Wednesday, April 10, 2019

Wednesday, April 10, 2019

It's the middle-of-the-week, and I'm feeling the time is slipping between my fingers.  I have been editing my journals of 2014, which is part fiction, and non-fiction, with observations on various aspects of culture.  I also wrote a piece on music publisher/manager Irving Mills, who worked with Duke Ellington among other jazz greats of the early 1930s and so forth.  So it has been a productive week so far, but I have this feeling that I'm missing something urgent, and I just can't place my finger on it.  It's a time like this when I need to sink my body into a tub of hot water.  Alas, I did that already this morning.
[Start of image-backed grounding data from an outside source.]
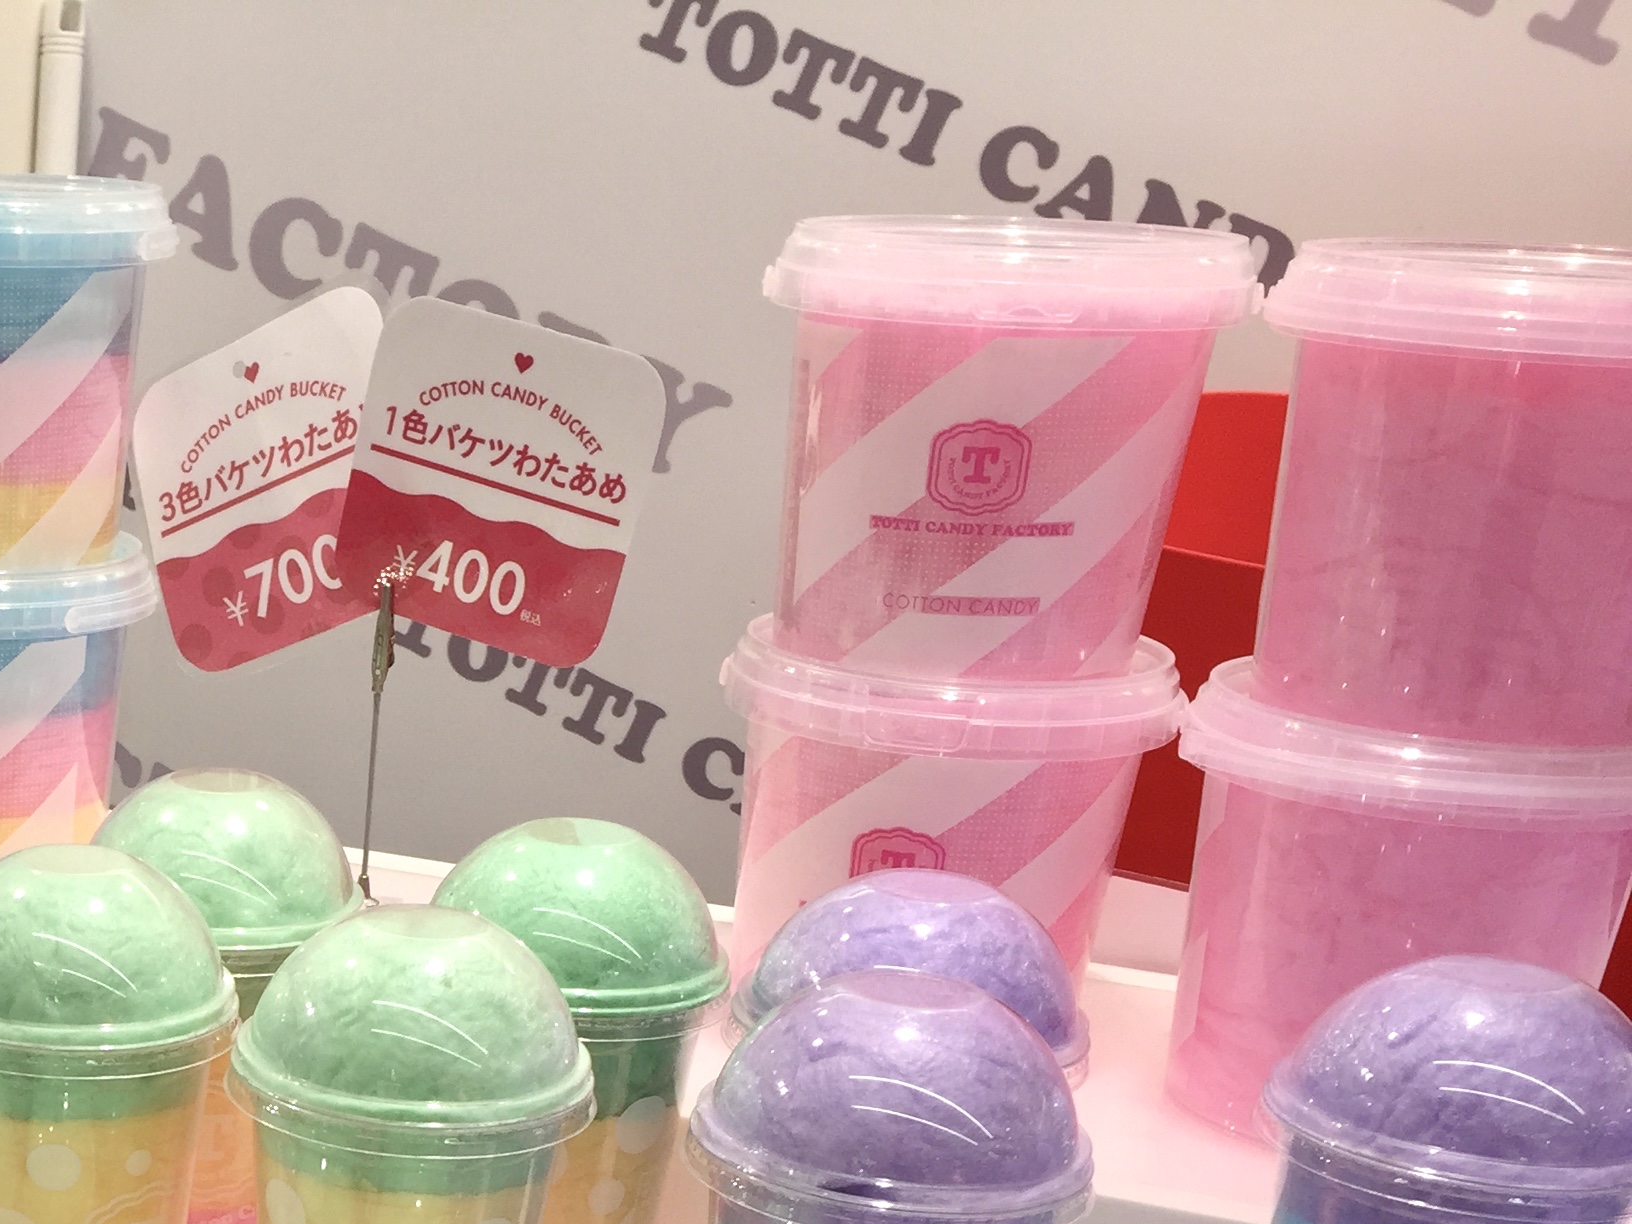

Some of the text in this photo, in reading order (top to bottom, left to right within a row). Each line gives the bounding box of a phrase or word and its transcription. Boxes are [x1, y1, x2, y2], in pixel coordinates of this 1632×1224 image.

[639, 0, 963, 166] TOTTI
[180, 380, 347, 474] COTTON CANDY BUCKET
[385, 405, 627, 505] 1色バケツわたあめ
[419, 379, 603, 456] COTTON CANDY BUCKET
[158, 403, 364, 523] 3色バケツわたあ
[961, 446, 1001, 484] T
[871, 515, 1073, 536] TOTTI CANDY FACTORY
[882, 592, 1038, 615] COTTON CANDY
Lun*na and I watched this film last night "The Great Silence" (Il Grande Silenzio) and it's a remarkable film on many levels.  For one, the hero dies at the end of the film, and the bad guy wins.  Klaus Kinski plays the bad bounty hunter who is a ruthless murderer.   Jean-Louis Trintignant is the voiceless gunslinger who is on the side of the persecuted outlaws.  The ending of the film depressed me, which caused some disturbing dreams throughout the night.  Also, it was extremely windy, and I was hearing sounds that I never heard before in Los Angeles.  Banging, and just the whistle of the wind itself.   It fits perfectly with the mood of "The Great Silence."  The film is directed by Sergio Corbucci.
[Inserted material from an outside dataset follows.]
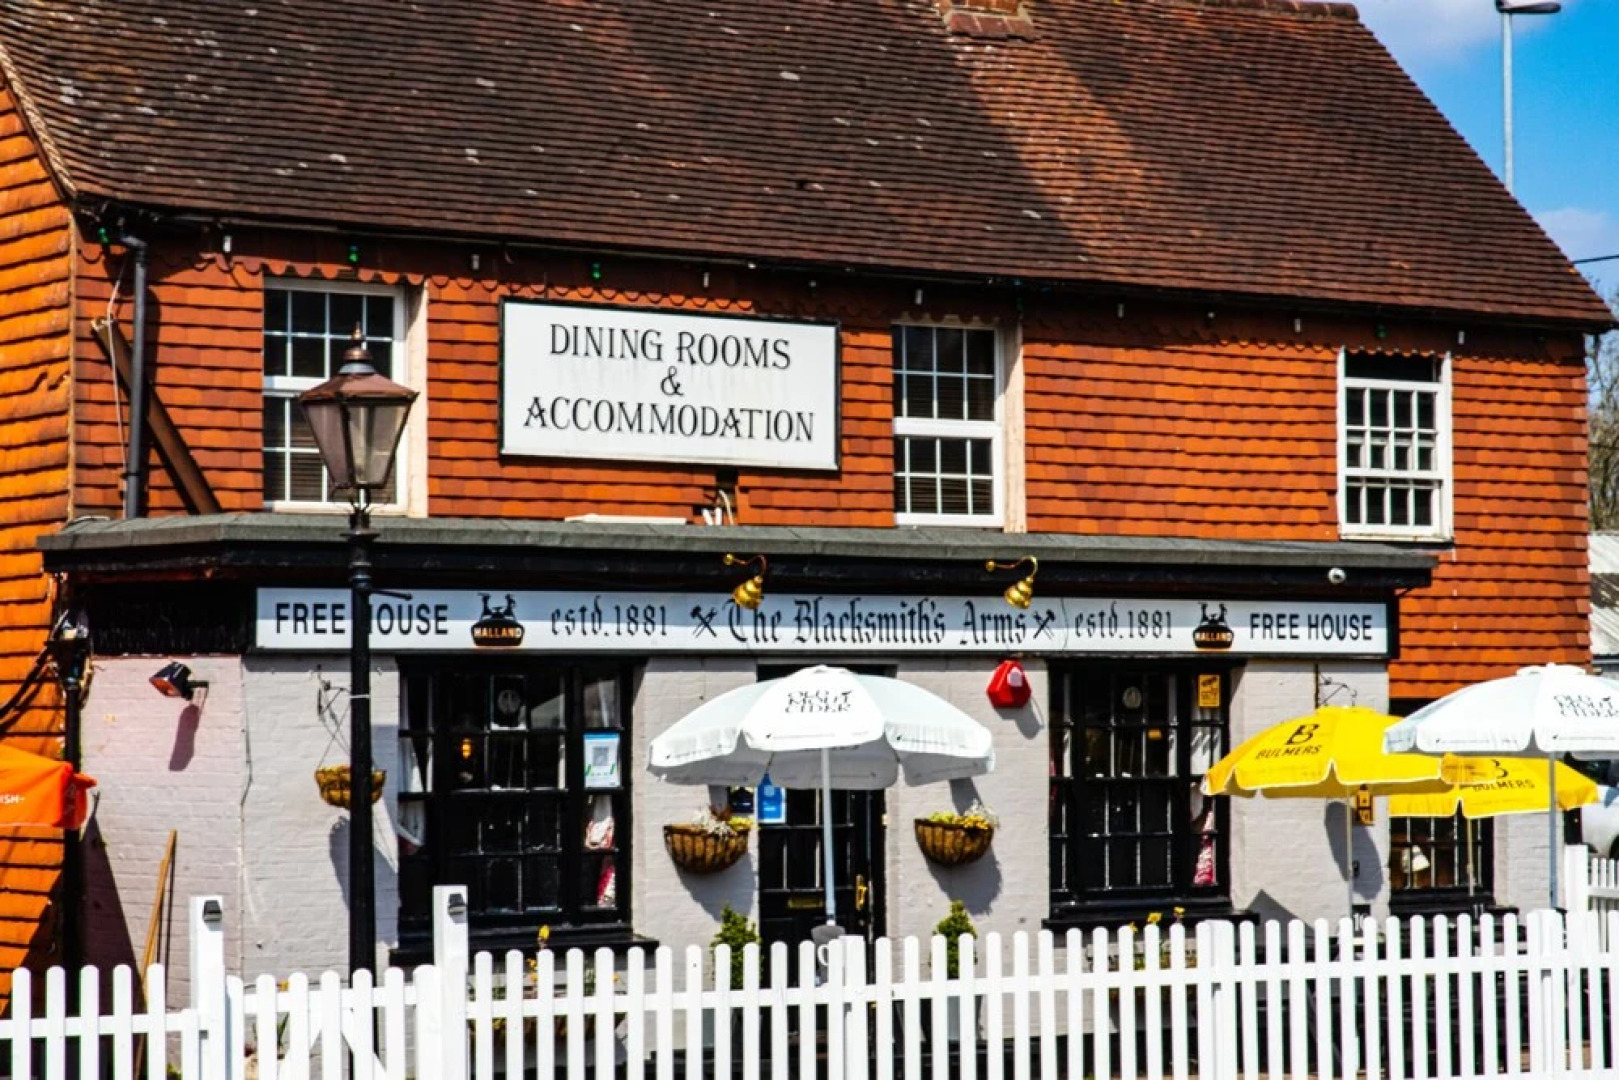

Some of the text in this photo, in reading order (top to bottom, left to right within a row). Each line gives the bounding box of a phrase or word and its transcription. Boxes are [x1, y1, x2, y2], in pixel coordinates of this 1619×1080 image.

The night before we watched Dennis Hopper's "The Last Movie" which is sort of a home movie of Topanga life, but of course, filmed in Peru.  I have seen this film at least twice, but some time ago. So, watching it now, especially after my memoir came out (TOSH: Growing Up In Wallace Berman's World) it is really a visual and moving scrapbook of my life during those years, which is the early 1970s.  It is truly the last movie because I feel everything afterward had changed into another era.  Dennis wasn't the Easy Rider Dennis anymore, and in many ways, "The Last Movie" put a wrench in his career as a Hollywood film director.  Dennis was never an artist filmmaker, like Bruce Conner or even my dad, but more of a mainstream visionary who built a rope bridge between the two cultures. One is old studio Hollywood, and the other was 'new' Hollywood, and after the Last Movie, it went back to just the old world.  There were blimps here and there, but nevertheless, things went back to the old life.